How high up does your microscope go? I mean like what objectives?


----------



## profwirick (Jan 24, 2013)

Energyvet said:


> How high up does your microscope go? I mean like what objectives?


not great. 10x. Should I take a scraping in to a lab? my thought was, bees are smaller than chicks and their mites are visible at his magnification or less.but maybe that was optimistically naive. (personality flaw of mine)


----------



## Energyvet (Jul 25, 2012)

Not a personality flaw ever. . Might want to go to a higher objective as some mites are very small.


----------



## chickflick (Sep 23, 2012)

Keep putting the Pet Jelly on the legs. She'll be fine. 
Silkies make the best mommnas!!


----------



## profwirick (Jan 24, 2013)

chickflick said:


> Keep putting the Pet Jelly on the legs. She'll be fine.
> Silkies make the best mommnas!!


yes on both comments. leg is visibly improved already. Mama Rosa has been a model mama!

Her chicks are all healthy and active, love the outdoors no matter the weather, eat from my hand, go to bed cooperatively. wish I'd been so successful withy son and daughter! ( joking: my offspring are fine)


----------



## kaufranc (Oct 3, 2012)

profwirick said:


> here are the ugly feet all cleaned up.
> 
> and here's the most colorful of the bunch
> 
> and my blue baby. oh I hope it's a girl! I wNt this one so much. I call it Griffin.


When you started putting the Vaseline on her leg, afterwards did it turn like a dirty brown color? Almost black like?


----------



## profwirick (Jan 24, 2013)

kaufranc said:


> When you started putting the Vaseline on her leg, afterwards did it turn like a dirty brown color? Almost black like?


well yes, as a matter of fact. As soon as she wore her Vaseline sock out to the dust bath, it turned to a nice roasted brown color! So did Cherry Rooster's comb, also Vaselined for frost protection. I hardly knew him when he showed up with his brilliant Rhode Island colors all muted with dirt! 
but seriously, her foot is looking healthier already. She has silver colored feet with feathers and extra toes. cumbersome foot-ware. She seems fine. Not gimpy or anything. I'm watching. any other thoughts? tell me more about the black feet question.


----------



## BantamHero (Jan 30, 2013)

profwirick said:


> should I treat her somehow? take her to a vet? are the other chickens going to get it? can she heal herself with dust baths or a prepared bath of Diotomacious earth and sand? help please.
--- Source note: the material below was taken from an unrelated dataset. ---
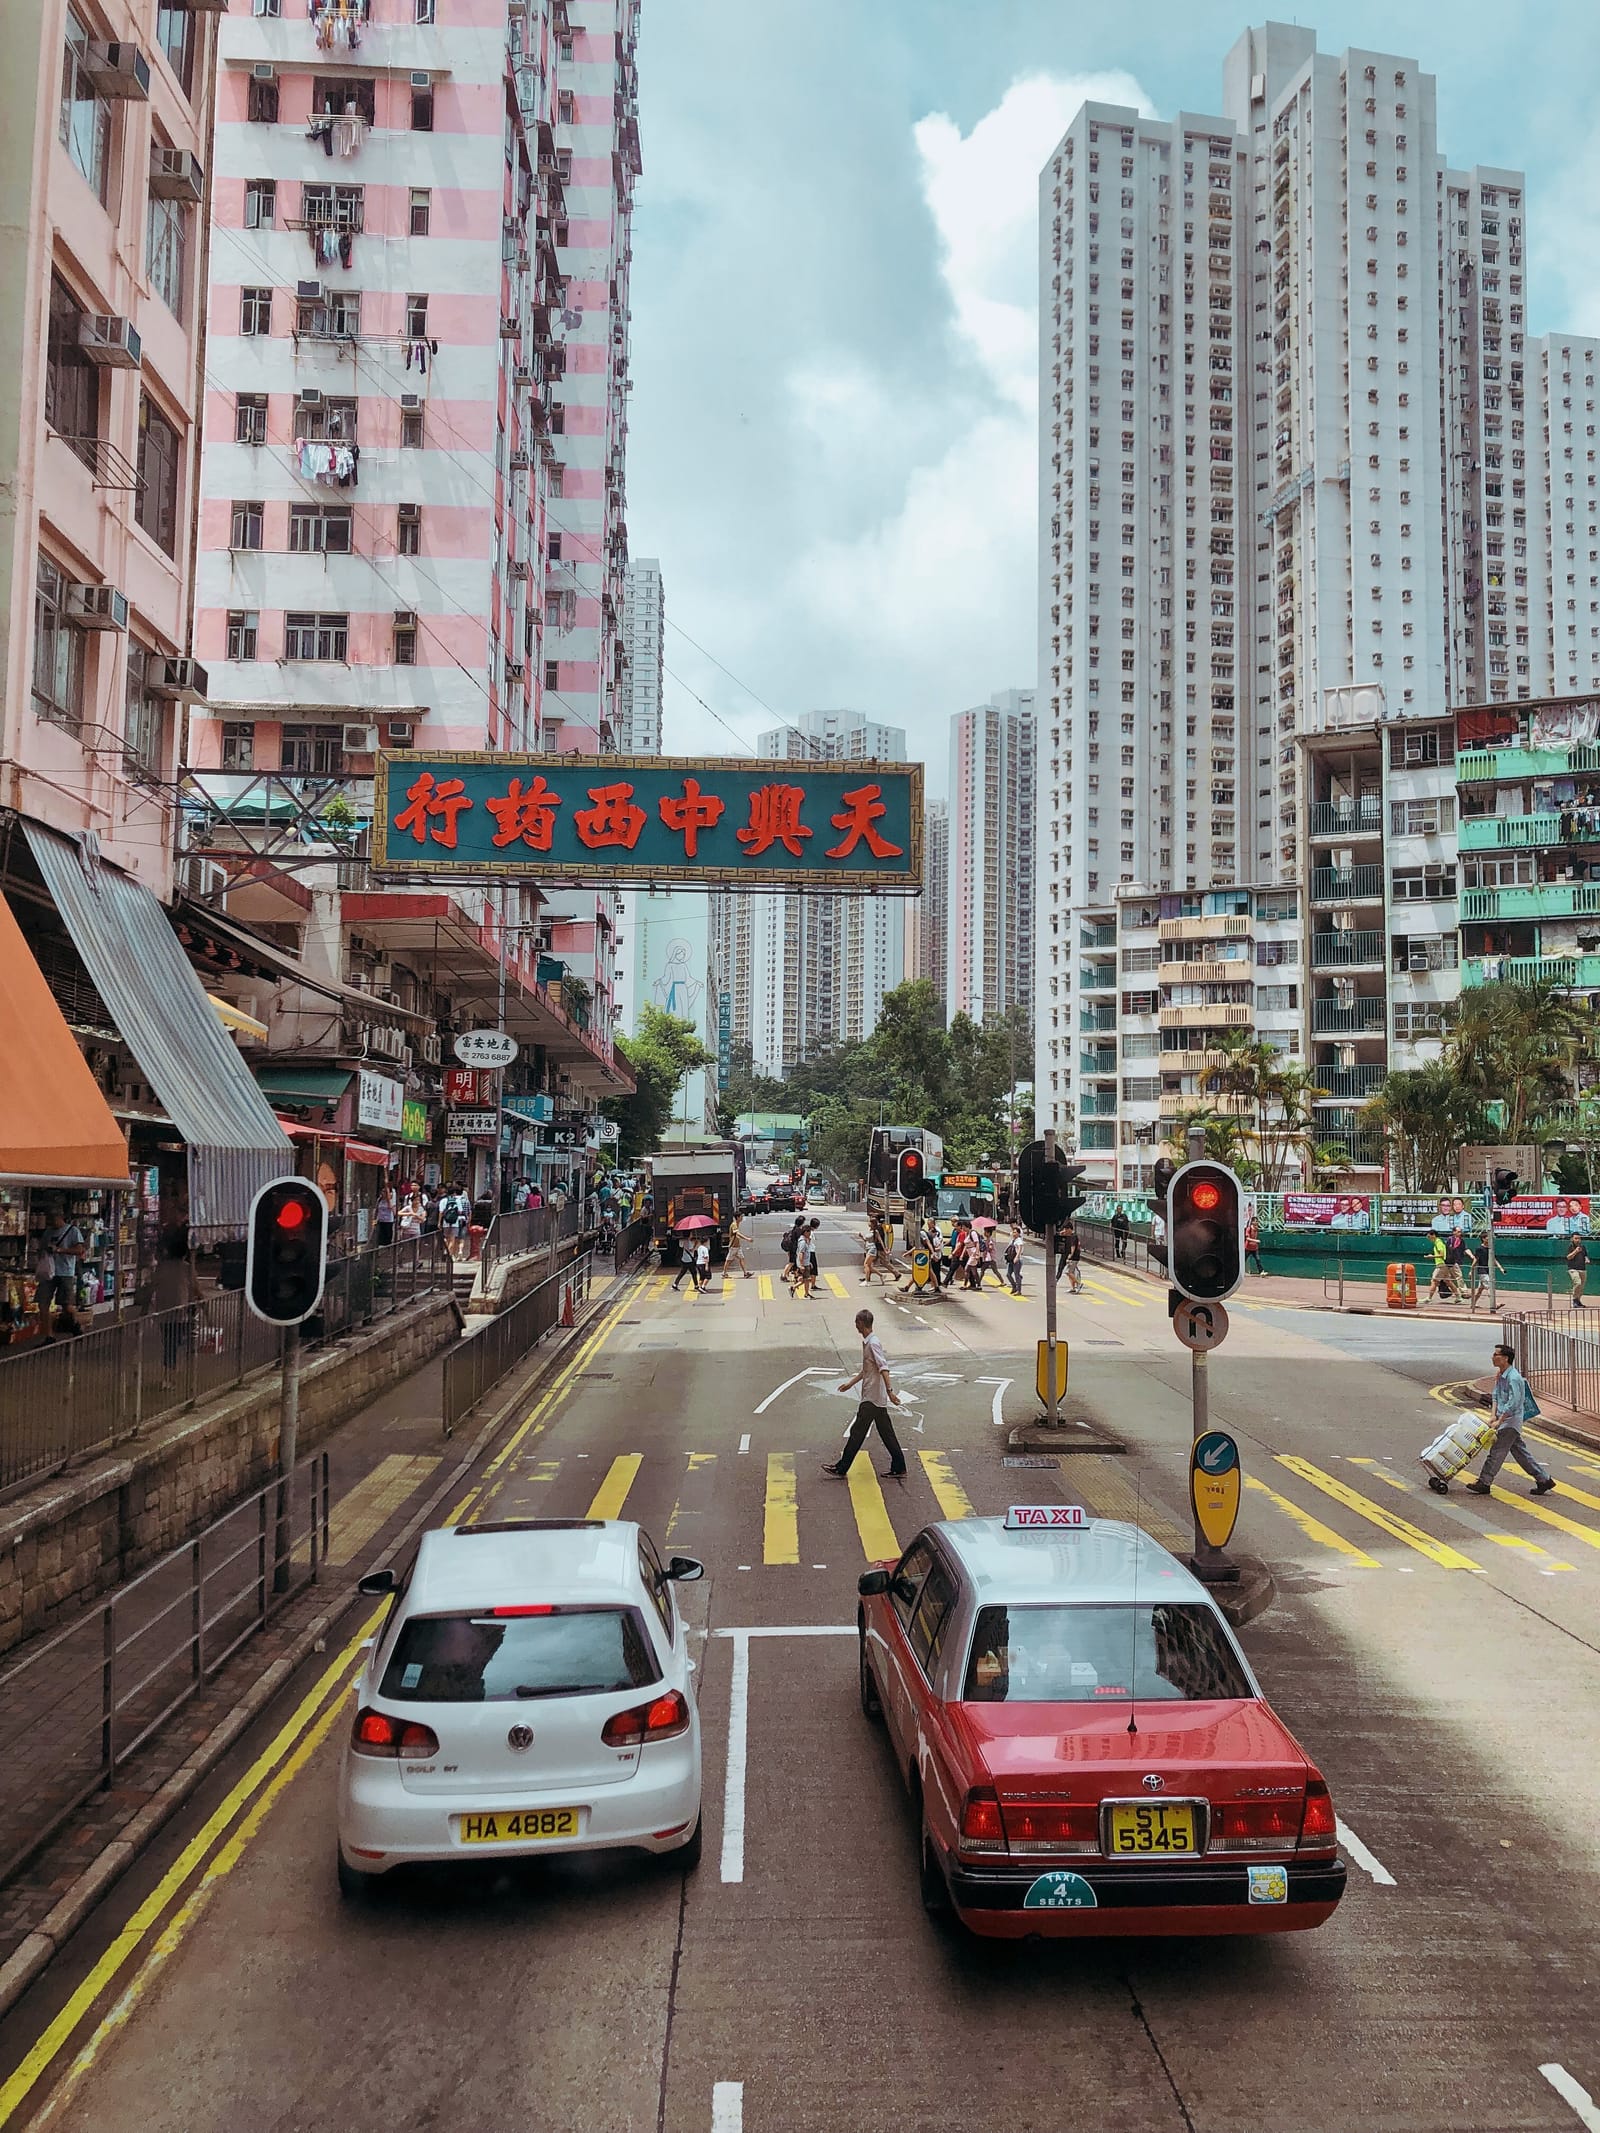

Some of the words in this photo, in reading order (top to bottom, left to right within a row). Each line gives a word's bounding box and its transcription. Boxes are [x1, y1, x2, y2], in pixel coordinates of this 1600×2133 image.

I use vegetable oil and it suffocates the leg mites a cheap and easy fix


----------



## kaufranc (Oct 3, 2012)

Prof, when you first posted about your girl with a foot problem I read it cause I was curious . By chance when I went to lock up the girls that night, all 40 of them!, I checked out my white Cochin. White Lady had some nasty looking scales on her feet. Thought at first that her feathered feet might just look like that but then I remembered your post. So I said I will bring her in for the night and check her out. I put Vaseline on them (I had just did the combs on some of them) and left her in the basement overnight. Next morning they were blackish!


----------



## profwirick (Jan 24, 2013)

kaufranc said:


> Prof, when you first posted about your girl with a foot problem I read it cause I was curious . By chance when I went to lock up the girls that night, all 40 of them!, I checked out my white Cochin. White Lady had some nasty looking scales on her feet. Thought at first that her feathered feet might just look like that but then I remembered your post. So I said I will bring her in for the night and check her out. I put Vaseline on them (I had just did the combs on some of them) and left her in the basement overnight. Next morning they were blackish!


hmmm? think she didn't get into something? let's put a call out for help from the experienced. I have no clue. hope this gets resolved quickly. I didn't wipe the p jelly off after. did you?


----------